Bei seinem letzten Formel-1-Grand-Prix verbot Haas Mick Schumacher, Donuts zu drehen.
Die kurze Karriere von Mick Schumacher in der Formel 1 endete unerwartet und düster. Nach nur zwei Saisons dachte der deutsche Fahrer, er könne sich beim Grand Prix von Abu Dhabi endlich entspannen, wurde jedoch unterbrochen, als er sein Auto in einer Sicherheitszone drehen ließ. Es waren nicht die Rennkommissare, die eingriffen, sondern sein eigenes Team, das ihm per Funk die Nachricht schickte: „Mick, kannst du bitte aufhören, Donuts zu drehen? Im Ernst?“
Der Sohn des siebenfachen Weltmeisters war nie ein Talent, das Schlagzeilen machte. Man wird sich nicht so an ihn erinnern wie an Vettel oder Ricciardo, die ebenfalls zurückgetreten sind, aber es fällt schwer, einen Fahrer zu kritisieren, der zwei Jahre lang stolz die Farben seines Teams getragen hat.
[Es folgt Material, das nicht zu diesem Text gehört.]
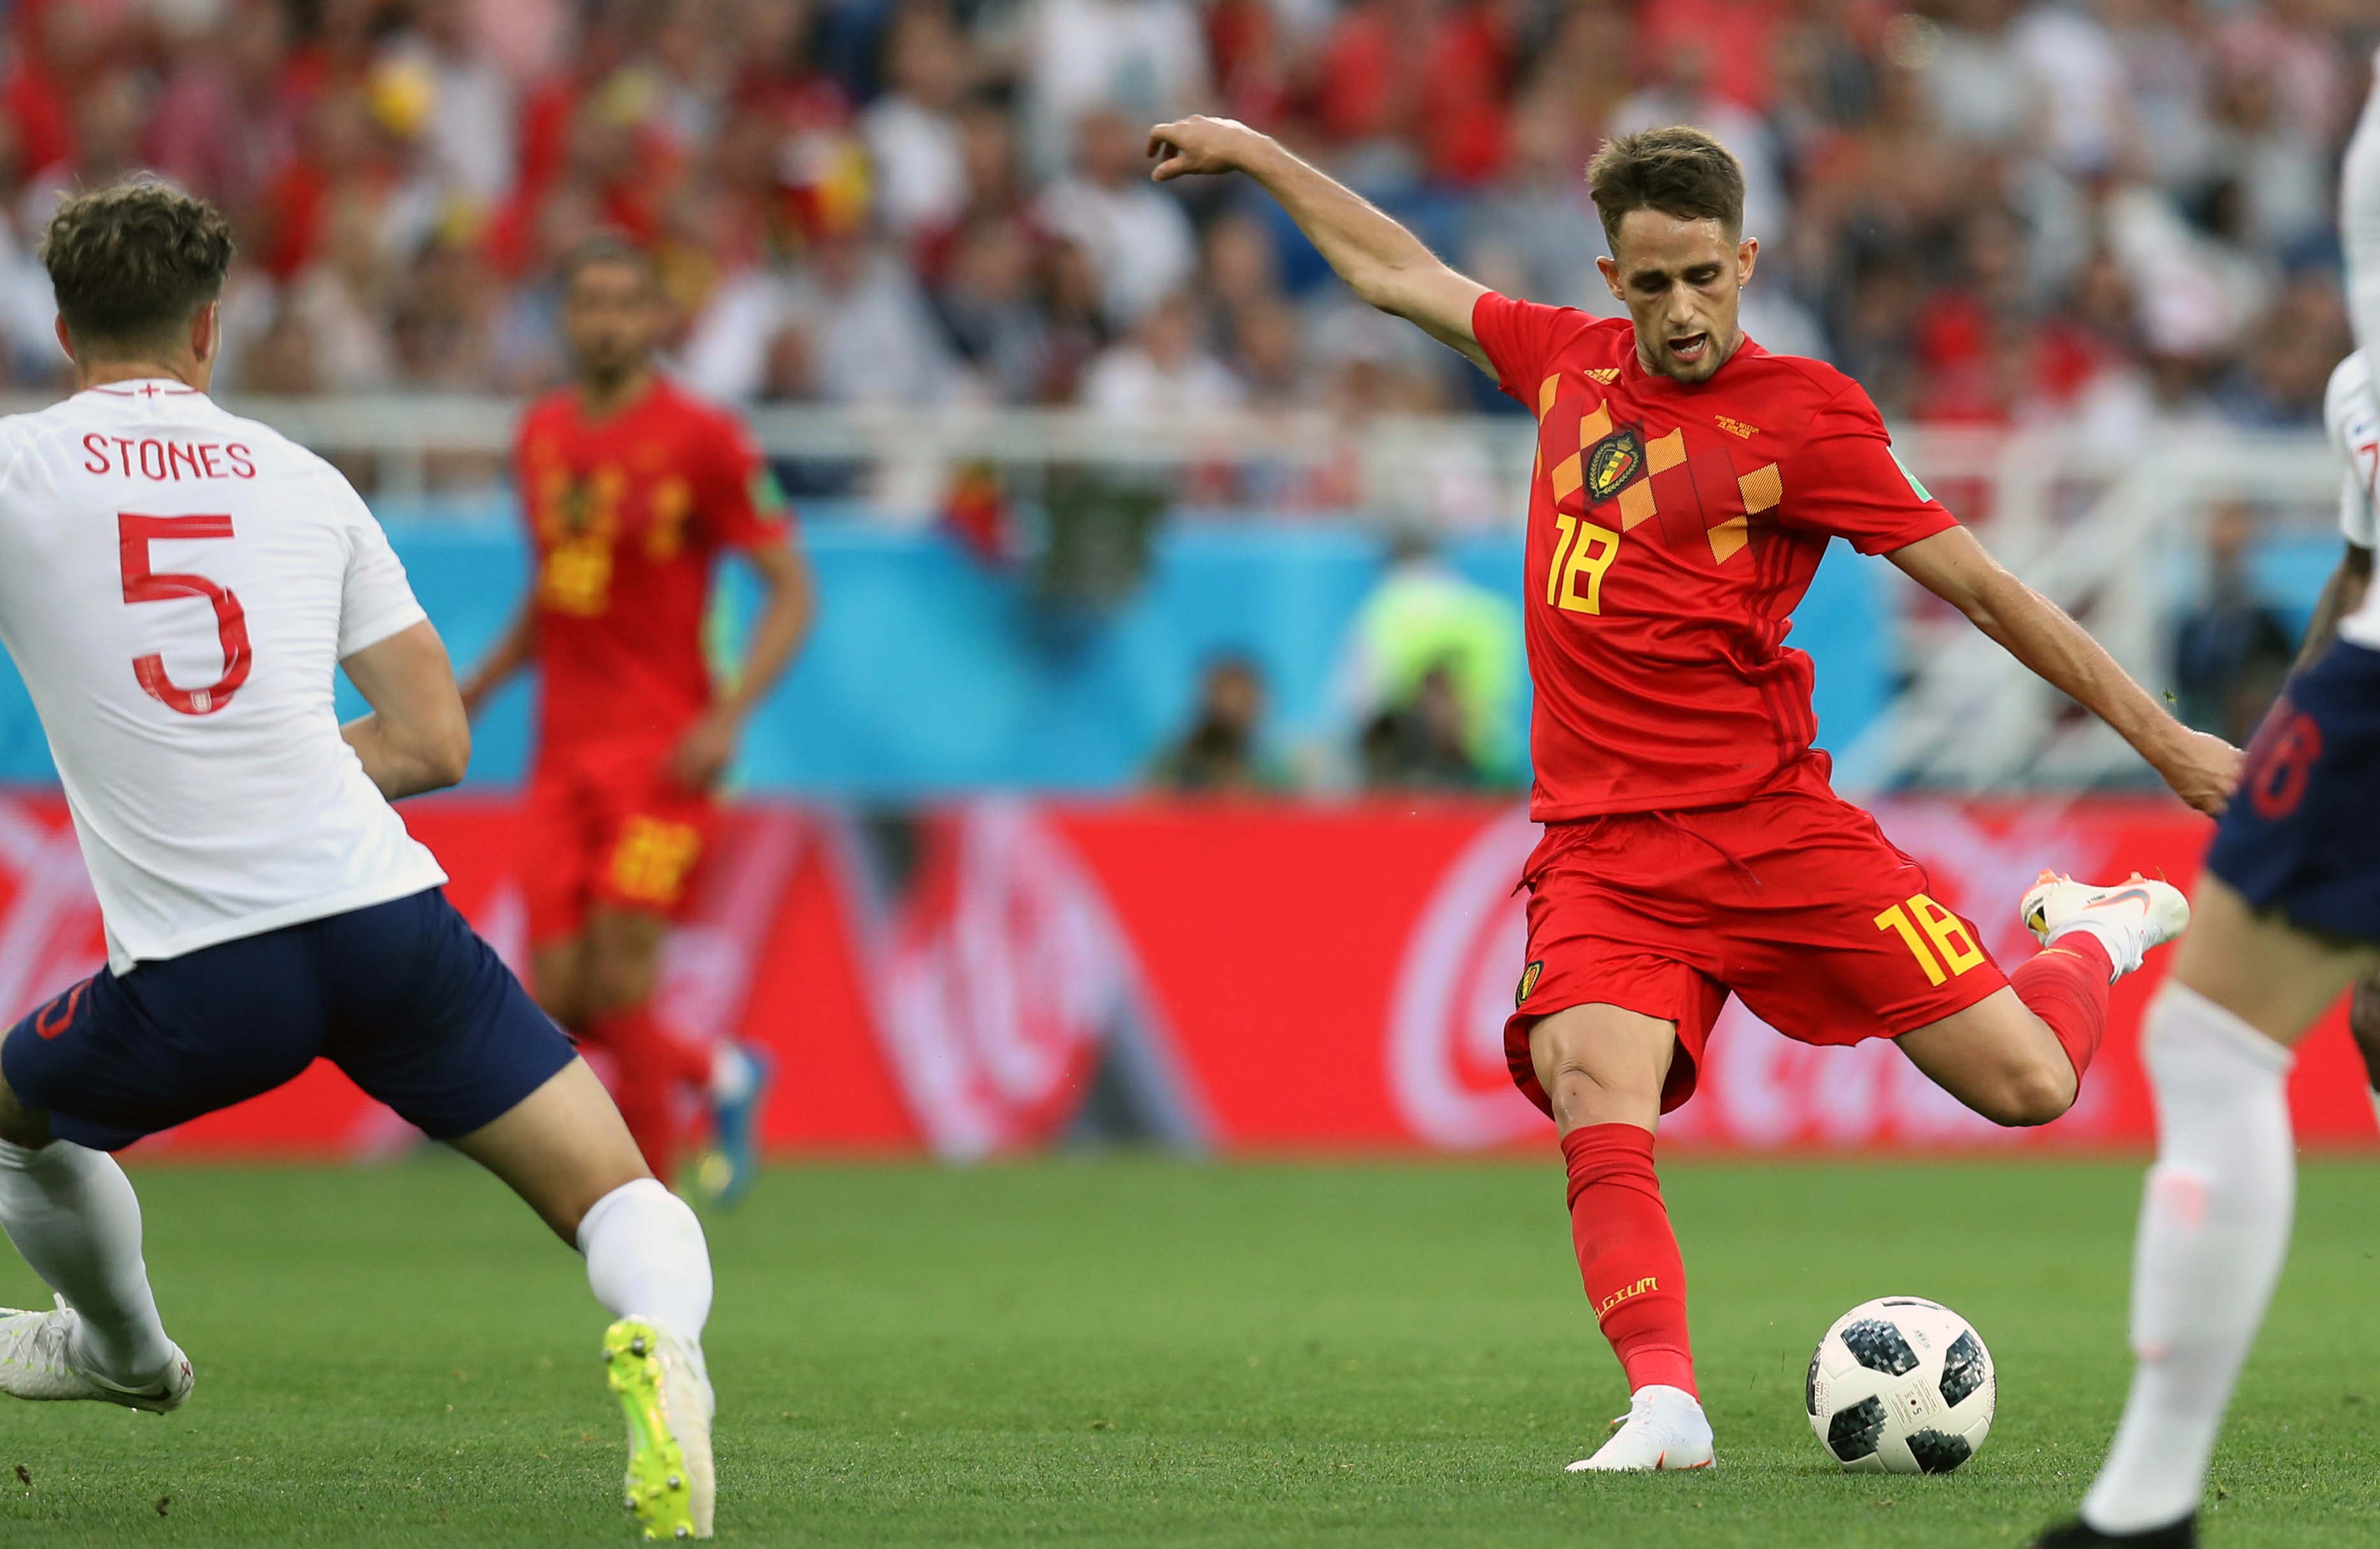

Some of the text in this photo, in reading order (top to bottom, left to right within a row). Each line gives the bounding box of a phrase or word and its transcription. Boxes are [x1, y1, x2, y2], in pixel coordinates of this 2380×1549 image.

[84, 433, 256, 481] STONES
[1546, 512, 1620, 616] 18
[118, 511, 252, 716] 5
[1873, 893, 1986, 987] 18
[1913, 1407, 1923, 1415] 5
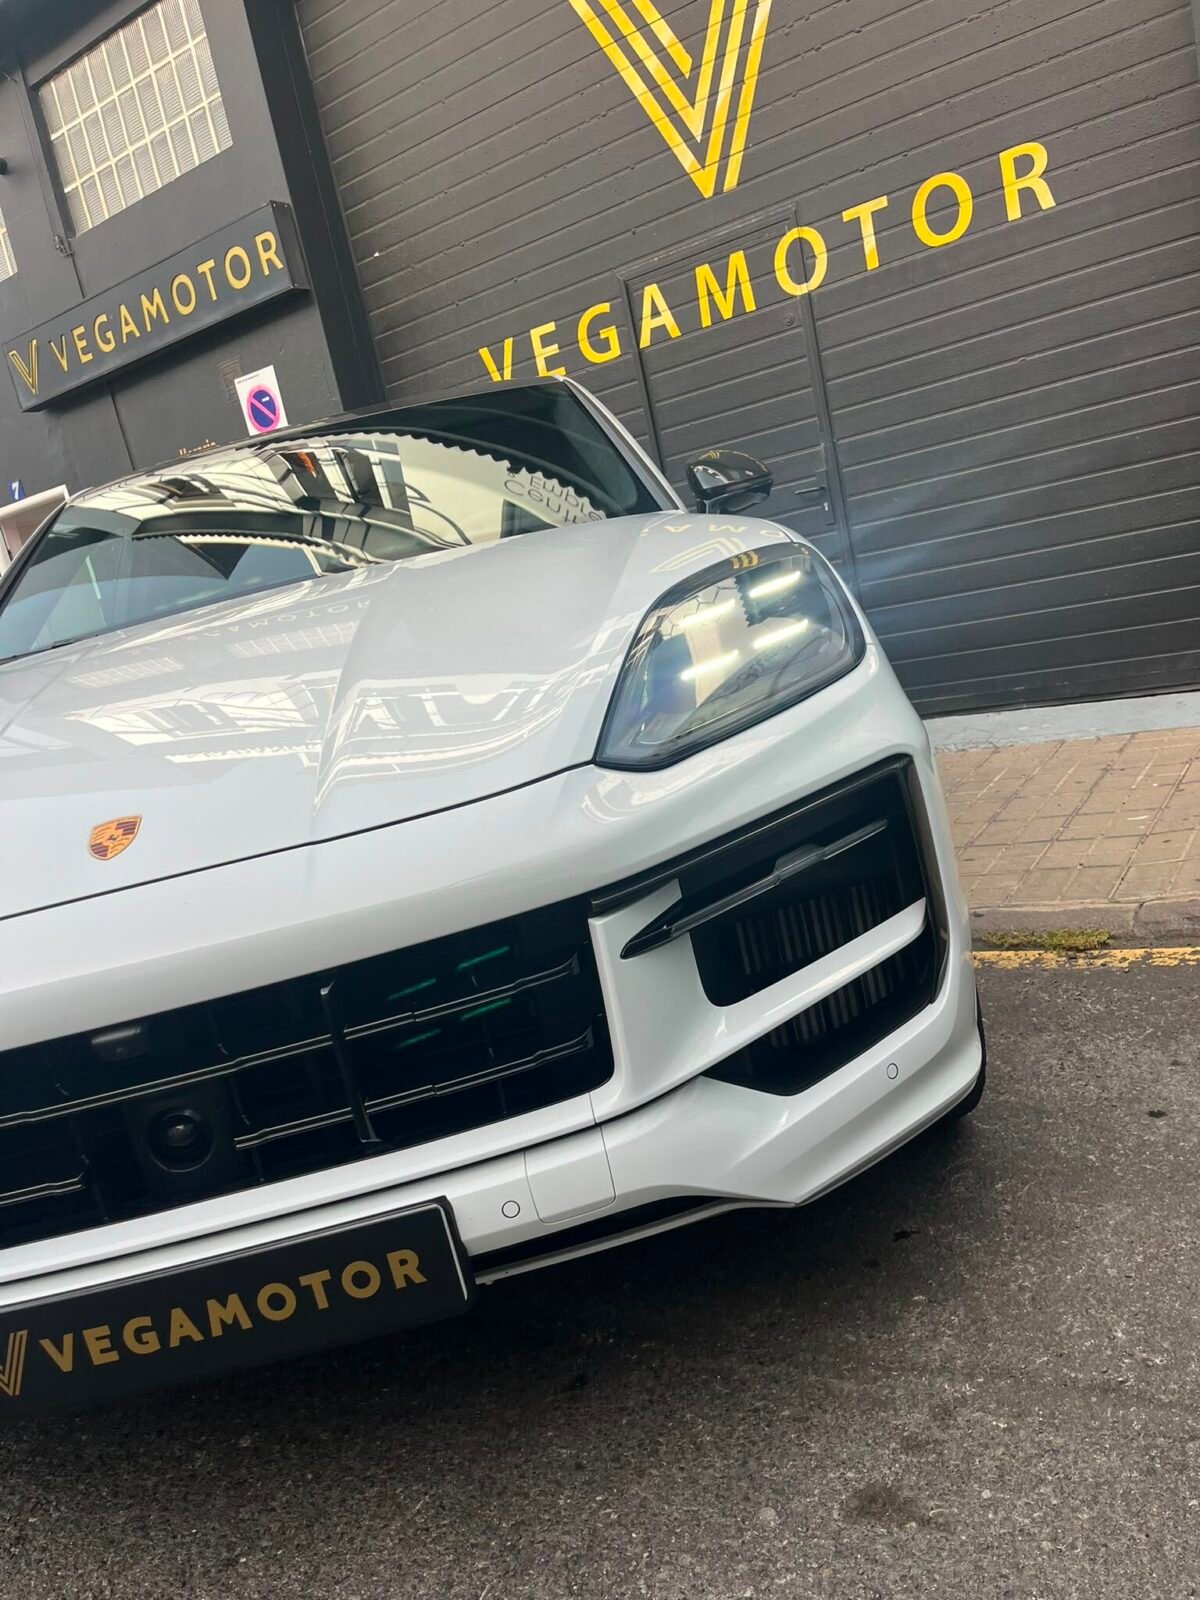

Der Vorfall ereignete sich beim letzten Rennen der Saison, stellte kein Sicherheitsrisiko dar und hatte keine Auswirkungen auf den Wettbewerb. Es erscheint respektlos, ihm seinen Moment der Freude zu verderben, zumal Schumacher der einzige Fahrer war, der das Team Haas 2021 über Wasser gehalten hat und sein Bestes gegeben hat, um dies auch 2022 zu tun. Sein Abschied ist unter diesen Umständen besonders traurig.